▸ Work instructions:
Type out the data exactly as given. Skip any image.
─── Exercise materials
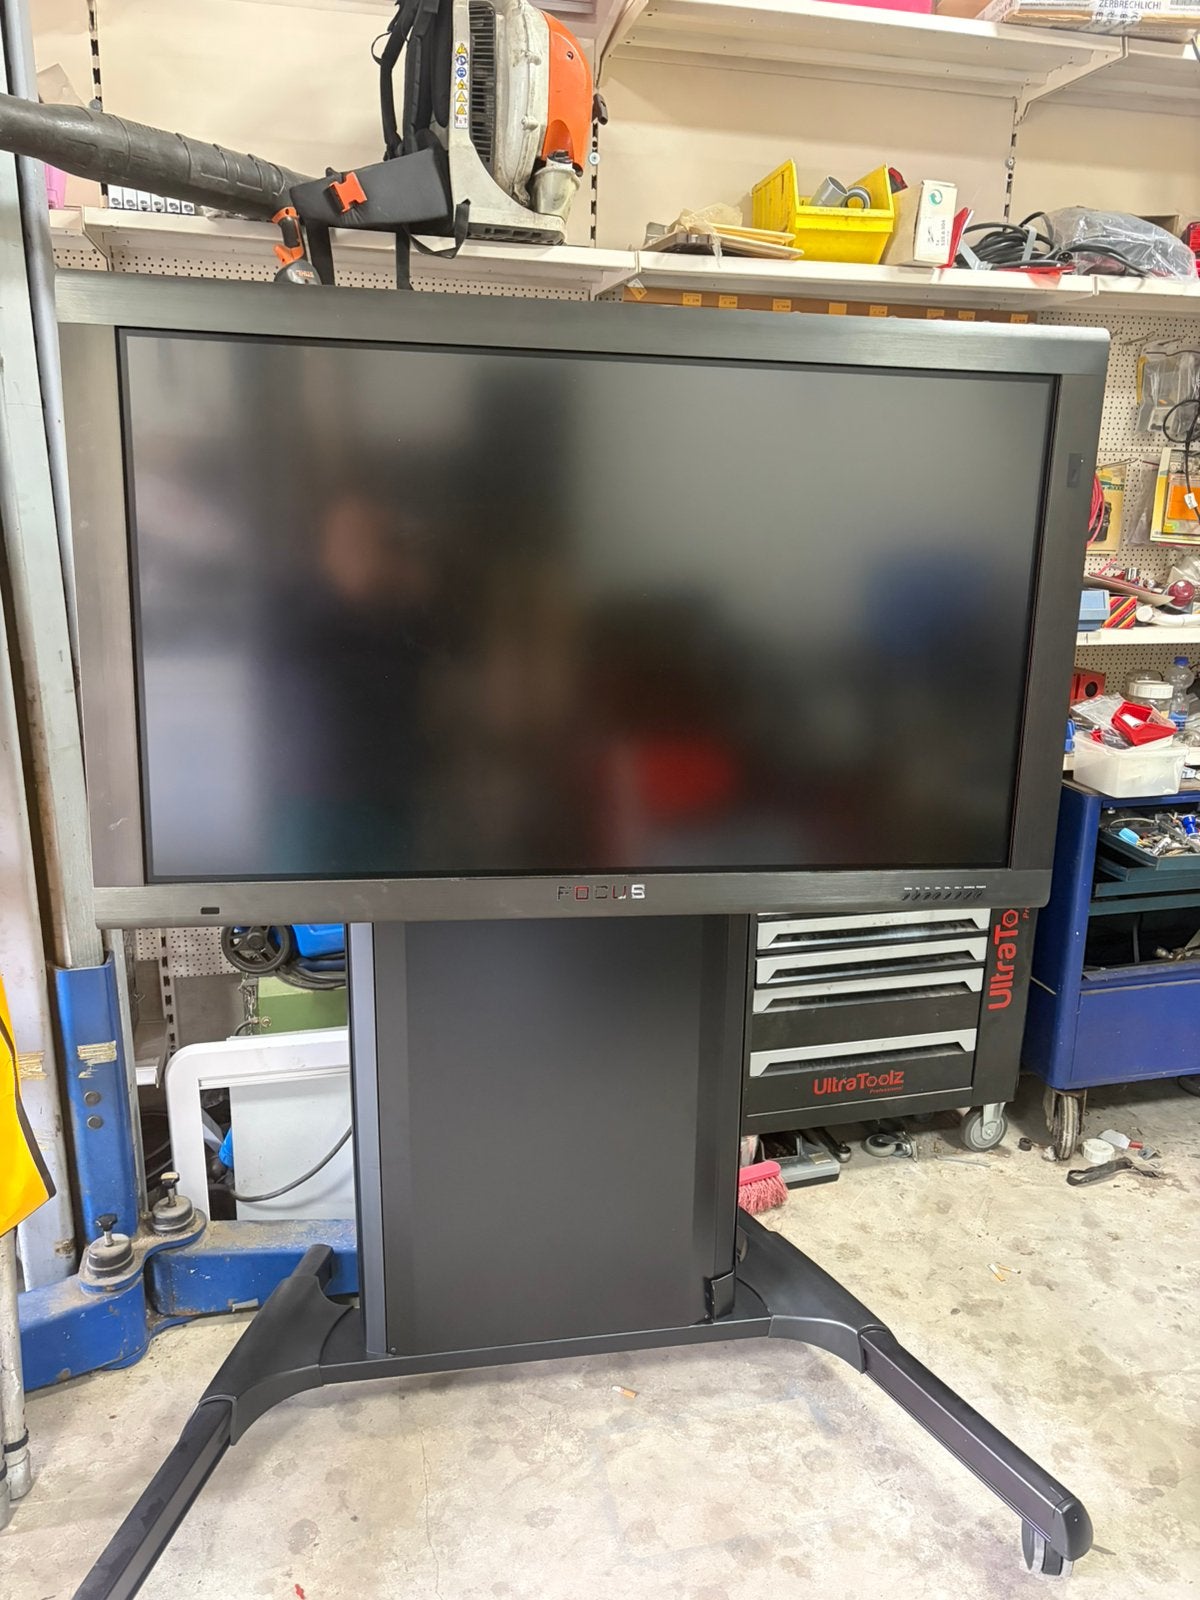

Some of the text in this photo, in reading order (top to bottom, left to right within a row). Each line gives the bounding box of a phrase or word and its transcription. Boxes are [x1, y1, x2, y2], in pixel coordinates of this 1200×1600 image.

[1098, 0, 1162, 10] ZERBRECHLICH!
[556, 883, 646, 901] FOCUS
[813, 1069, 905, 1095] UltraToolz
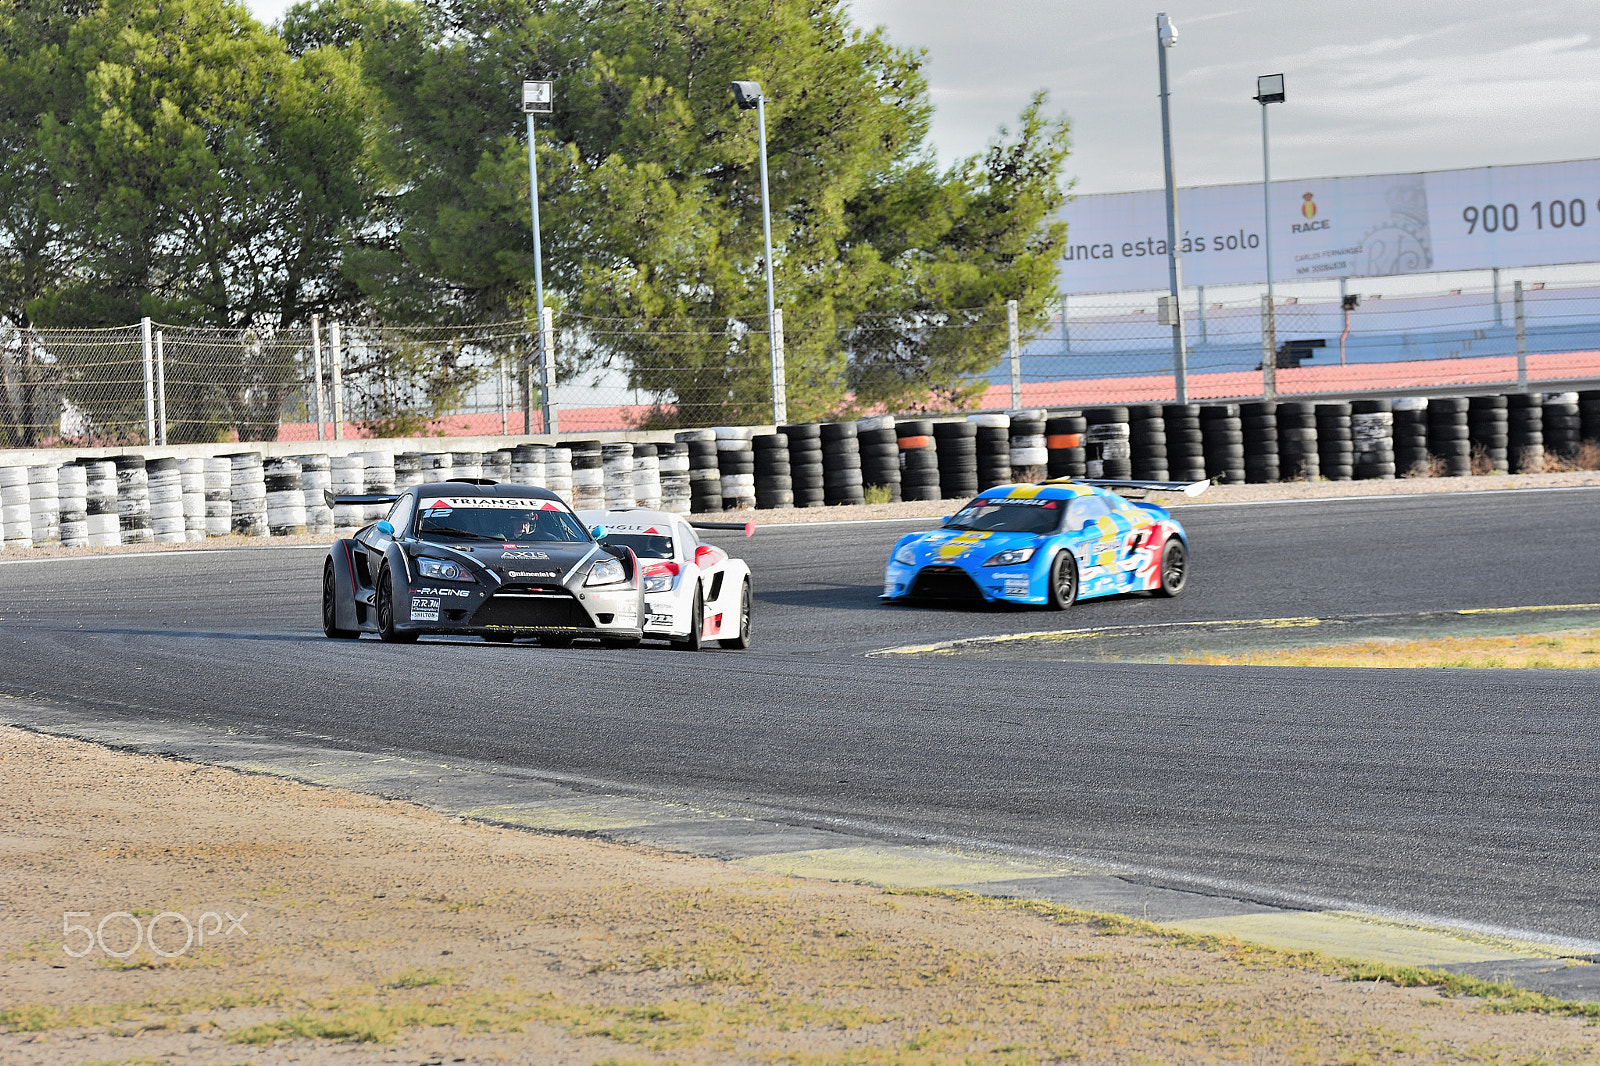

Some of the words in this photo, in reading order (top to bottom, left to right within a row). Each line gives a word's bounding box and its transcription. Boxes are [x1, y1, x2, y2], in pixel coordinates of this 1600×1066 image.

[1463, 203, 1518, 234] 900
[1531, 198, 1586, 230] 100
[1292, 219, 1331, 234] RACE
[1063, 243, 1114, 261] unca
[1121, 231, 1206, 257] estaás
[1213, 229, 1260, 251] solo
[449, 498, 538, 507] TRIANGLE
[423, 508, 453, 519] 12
──────
▸ Task output:
Some of the text in this photo, in reading order (top to bottom, left to right within a row). Each line gives the bounding box of a phrase or word and its transcription. Boxes are [x1, y1, x2, y2], in pixel coordinates of this 1200×1600 image.

[1098, 0, 1162, 10] ZERBRECHLICH!
[556, 883, 646, 901] FOCUS
[813, 1069, 905, 1095] UltraToolz

Some of the words in this photo, in reading order (top to bottom, left to right within a row). Each line gives a word's bounding box and its transcription. Boxes are [x1, y1, x2, y2], in pixel coordinates of this 1600×1066 image.

[1463, 203, 1518, 234] 900
[1531, 198, 1586, 230] 100
[1292, 219, 1331, 234] RACE
[1063, 243, 1114, 261] unca
[1121, 231, 1206, 257] estaás
[1213, 229, 1260, 251] solo
[449, 498, 538, 507] TRIANGLE
[423, 508, 453, 519] 12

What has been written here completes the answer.